Task instructions: Give the records back exactly as written, but without the images.

[[ Exercise material, beginning ]]

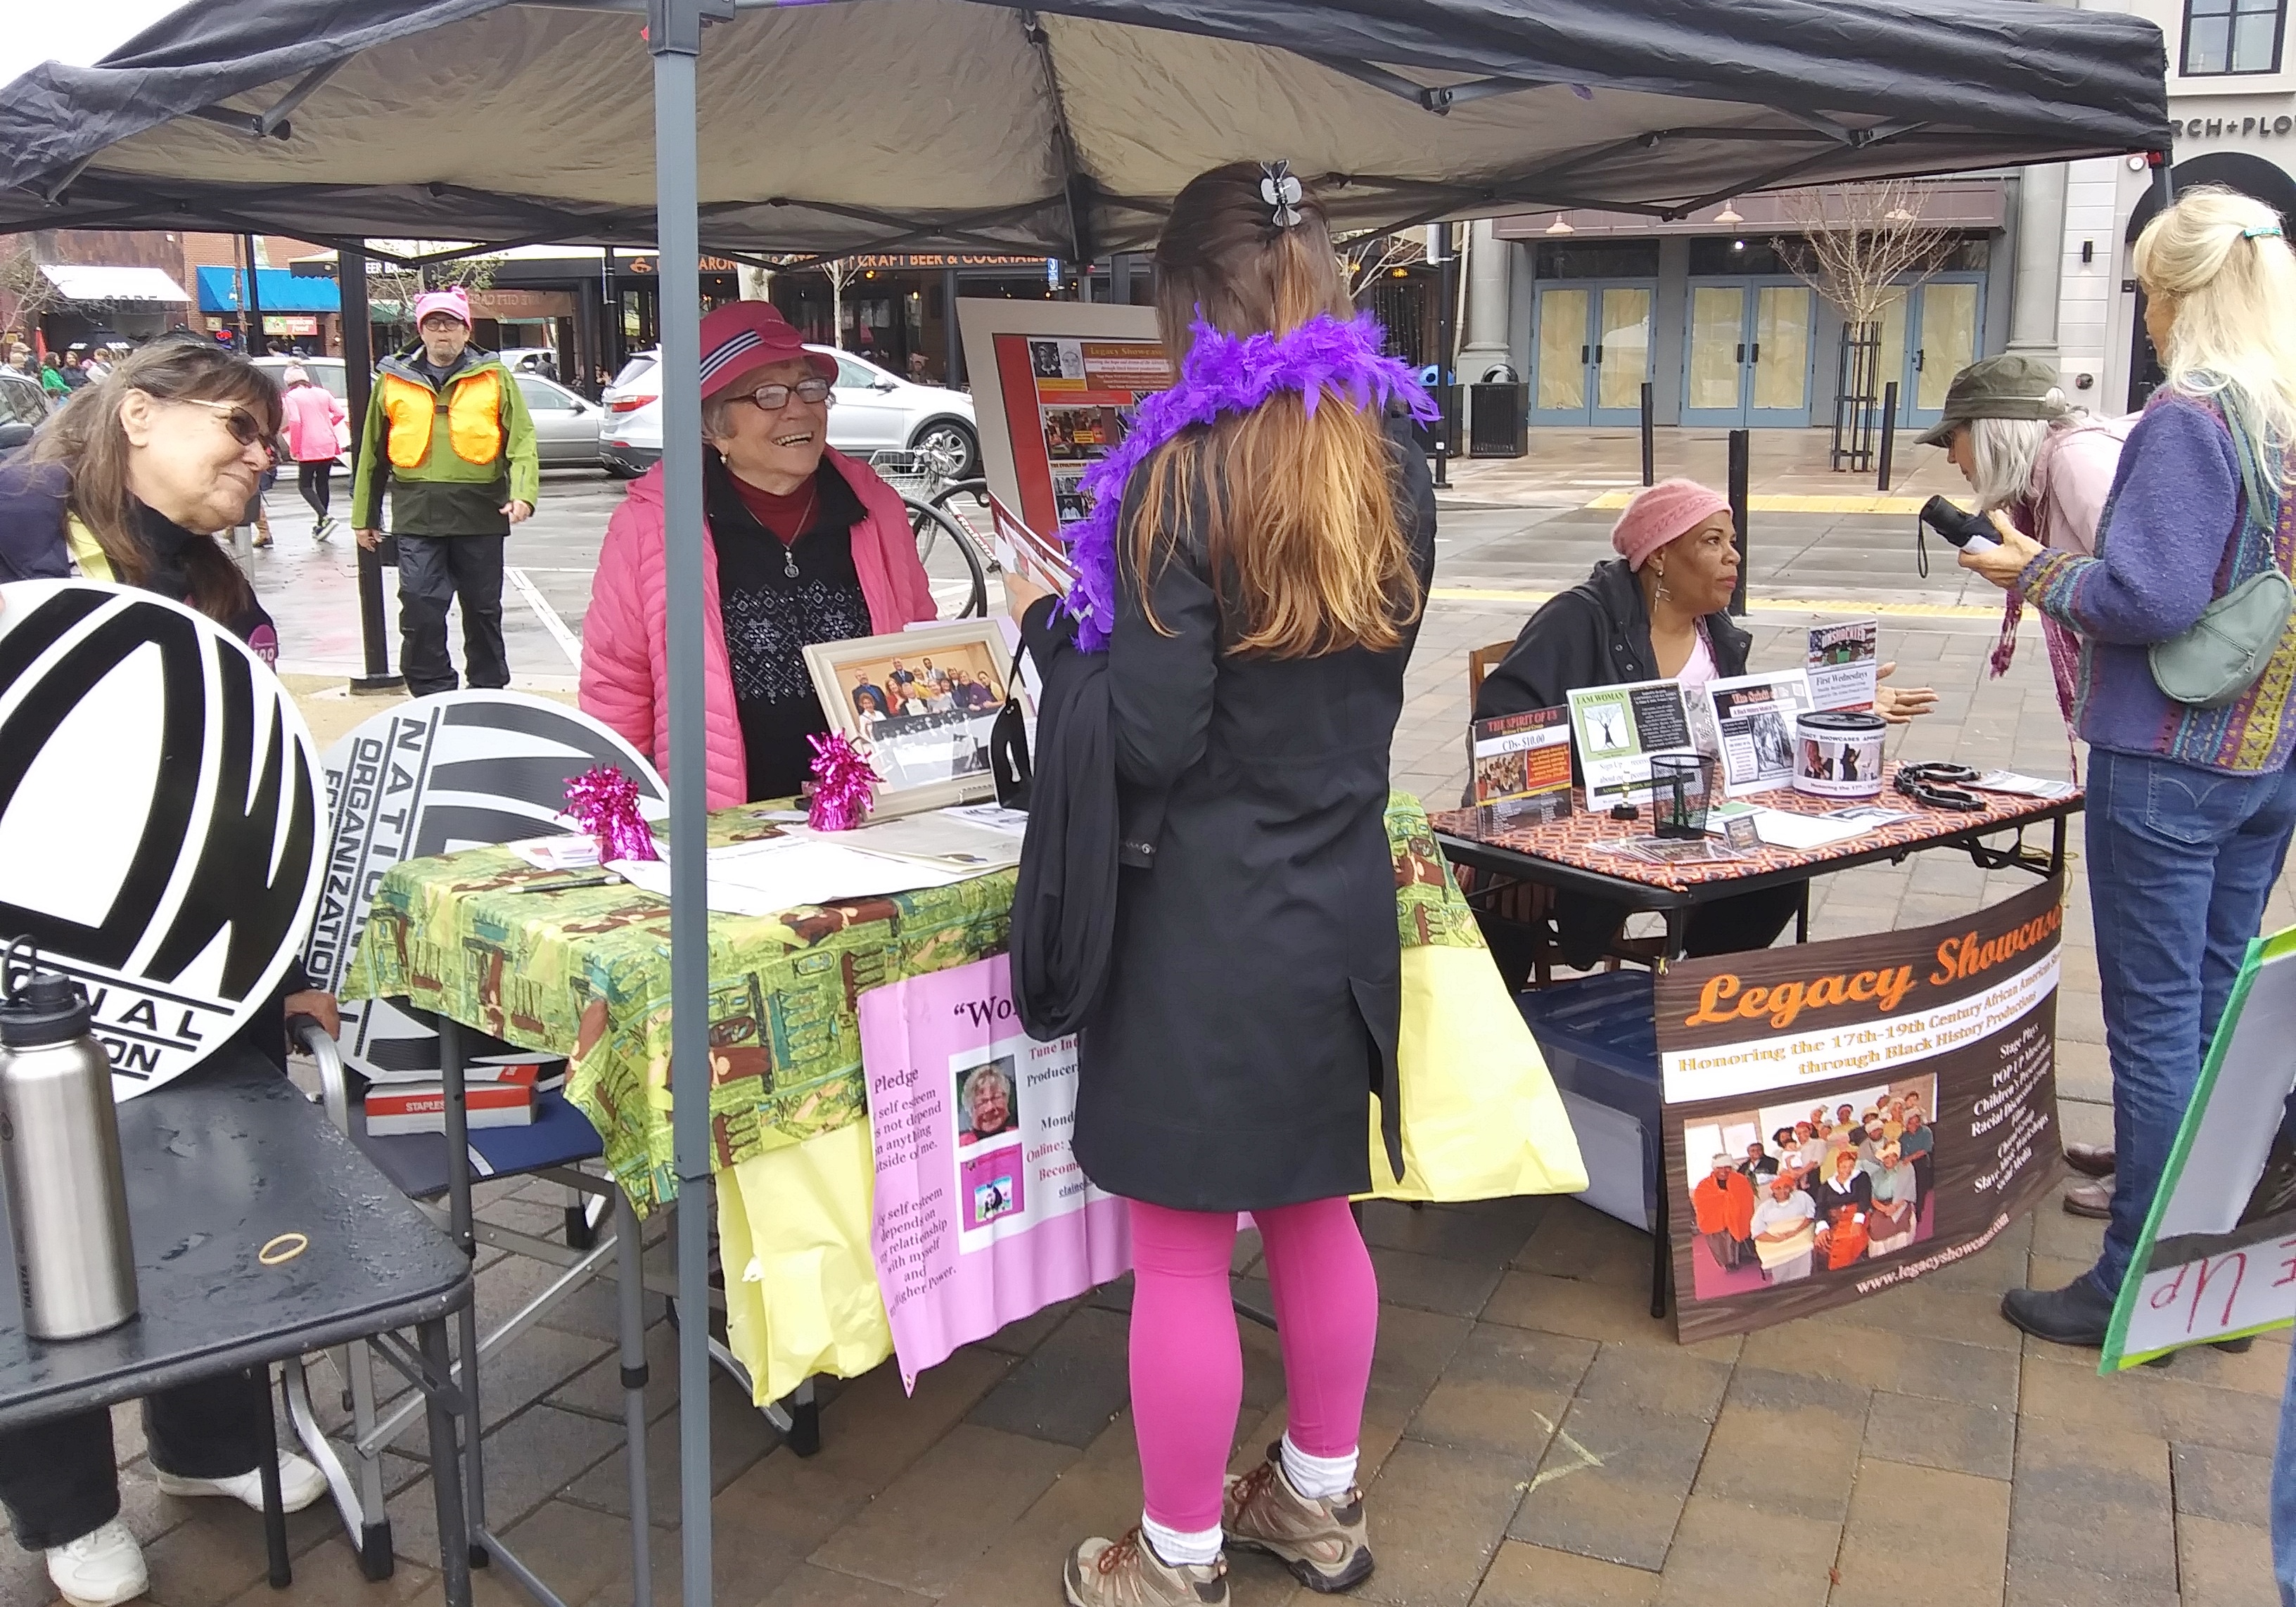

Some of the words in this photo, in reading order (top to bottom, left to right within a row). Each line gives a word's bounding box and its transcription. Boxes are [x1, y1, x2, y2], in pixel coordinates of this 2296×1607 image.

[910, 255, 944, 265] BEER
[1816, 675, 1831, 686] First
[1832, 671, 1868, 684] Wednesdays
[1581, 693, 1595, 704] AM
[1595, 691, 1625, 703] WOMAN
[1748, 688, 1770, 703] Spirit
[1488, 719, 1505, 732] THE
[1507, 714, 1534, 730] SPIRIT
[1534, 712, 1546, 724] OF
[1522, 734, 1545, 748] $10.00
[1599, 762, 1613, 772] Sign
[1614, 760, 1623, 770] Up
[1600, 774, 1615, 784] about
[1685, 964, 1918, 1029] Legacy
[1678, 1043, 1786, 1073] Honoring
[1790, 1039, 1825, 1056] the
[1831, 1020, 1925, 1049] 17th-19th
[1929, 1001, 1983, 1029] Century
[1984, 984, 2018, 1010] African
[2020, 961, 2051, 992] American
[1798, 1051, 1878, 1076] through
[1884, 1037, 1933, 1060] Black
[1936, 1020, 1984, 1047] History
[1986, 991, 2037, 1028] Productions
[1999, 1037, 2022, 1060] Stage
[2022, 1021, 2040, 1044] Plays
[1029, 1043, 1057, 1061] Tune
[874, 1068, 919, 1094] Pledge
[1992, 1063, 2013, 1088] POP
[405, 1100, 445, 1113] STAPLES
[879, 1099, 899, 1119] self
[902, 1089, 936, 1111] esteem
[883, 1118, 903, 1134] not
[906, 1101, 942, 1127] depend
[1971, 1107, 2003, 1138] Racial
[886, 1125, 932, 1150] anything
[920, 1140, 938, 1155] me.
[1026, 1140, 1064, 1163] Online:
[1974, 1167, 2001, 1193] Slave
[888, 1201, 910, 1220] self
[912, 1187, 943, 1211] esteem
[881, 1215, 924, 1243] depends
[924, 1208, 936, 1222] on
[888, 1219, 948, 1255] relationship
[903, 1265, 926, 1283] and
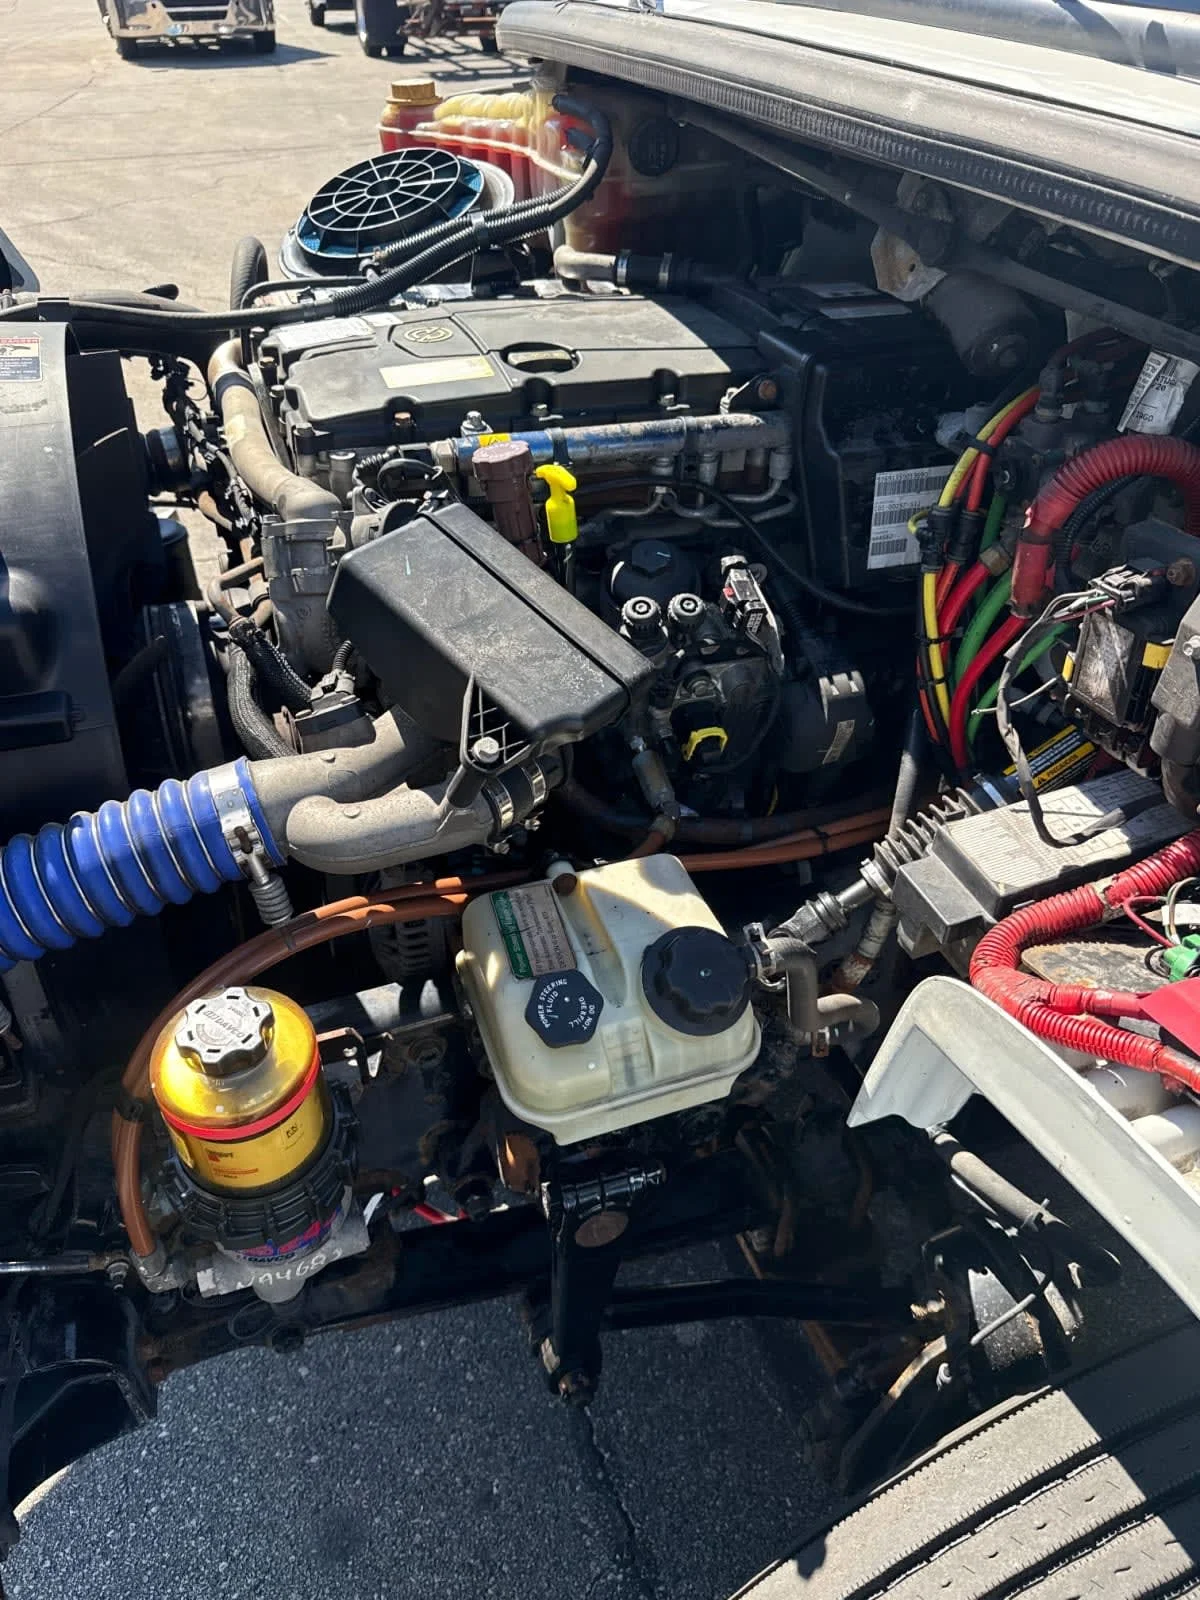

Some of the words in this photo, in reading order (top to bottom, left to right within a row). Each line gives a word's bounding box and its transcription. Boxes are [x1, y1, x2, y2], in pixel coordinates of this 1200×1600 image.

[539, 978, 568, 1001] STEERING
[545, 990, 559, 1014] FLUID
[568, 996, 588, 1028] OVERFILL
[588, 1004, 596, 1015] DO
[537, 1004, 551, 1029] POWER
[582, 1016, 593, 1031] NOT

[[ Exercise material, end ]]

Exercise response:
Some of the words in this photo, in reading order (top to bottom, left to right within a row). Each line gives a word's bounding box and its transcription. Boxes are [x1, y1, x2, y2], in pixel coordinates of this 2296×1607 image.

[910, 255, 944, 265] BEER
[1816, 675, 1831, 686] First
[1832, 671, 1868, 684] Wednesdays
[1581, 693, 1595, 704] AM
[1595, 691, 1625, 703] WOMAN
[1748, 688, 1770, 703] Spirit
[1488, 719, 1505, 732] THE
[1507, 714, 1534, 730] SPIRIT
[1534, 712, 1546, 724] OF
[1522, 734, 1545, 748] $10.00
[1599, 762, 1613, 772] Sign
[1614, 760, 1623, 770] Up
[1600, 774, 1615, 784] about
[1685, 964, 1918, 1029] Legacy
[1678, 1043, 1786, 1073] Honoring
[1790, 1039, 1825, 1056] the
[1831, 1020, 1925, 1049] 17th-19th
[1929, 1001, 1983, 1029] Century
[1984, 984, 2018, 1010] African
[2020, 961, 2051, 992] American
[1798, 1051, 1878, 1076] through
[1884, 1037, 1933, 1060] Black
[1936, 1020, 1984, 1047] History
[1986, 991, 2037, 1028] Productions
[1999, 1037, 2022, 1060] Stage
[2022, 1021, 2040, 1044] Plays
[1029, 1043, 1057, 1061] Tune
[874, 1068, 919, 1094] Pledge
[1992, 1063, 2013, 1088] POP
[405, 1100, 445, 1113] STAPLES
[879, 1099, 899, 1119] self
[902, 1089, 936, 1111] esteem
[883, 1118, 903, 1134] not
[906, 1101, 942, 1127] depend
[1971, 1107, 2003, 1138] Racial
[886, 1125, 932, 1150] anything
[920, 1140, 938, 1155] me.
[1026, 1140, 1064, 1163] Online:
[1974, 1167, 2001, 1193] Slave
[888, 1201, 910, 1220] self
[912, 1187, 943, 1211] esteem
[881, 1215, 924, 1243] depends
[924, 1208, 936, 1222] on
[888, 1219, 948, 1255] relationship
[903, 1265, 926, 1283] and

Some of the words in this photo, in reading order (top to bottom, left to right within a row). Each line gives a word's bounding box and its transcription. Boxes are [x1, y1, x2, y2], in pixel coordinates of this 1200×1600 image.

[539, 978, 568, 1001] STEERING
[545, 990, 559, 1014] FLUID
[568, 996, 588, 1028] OVERFILL
[588, 1004, 596, 1015] DO
[537, 1004, 551, 1029] POWER
[582, 1016, 593, 1031] NOT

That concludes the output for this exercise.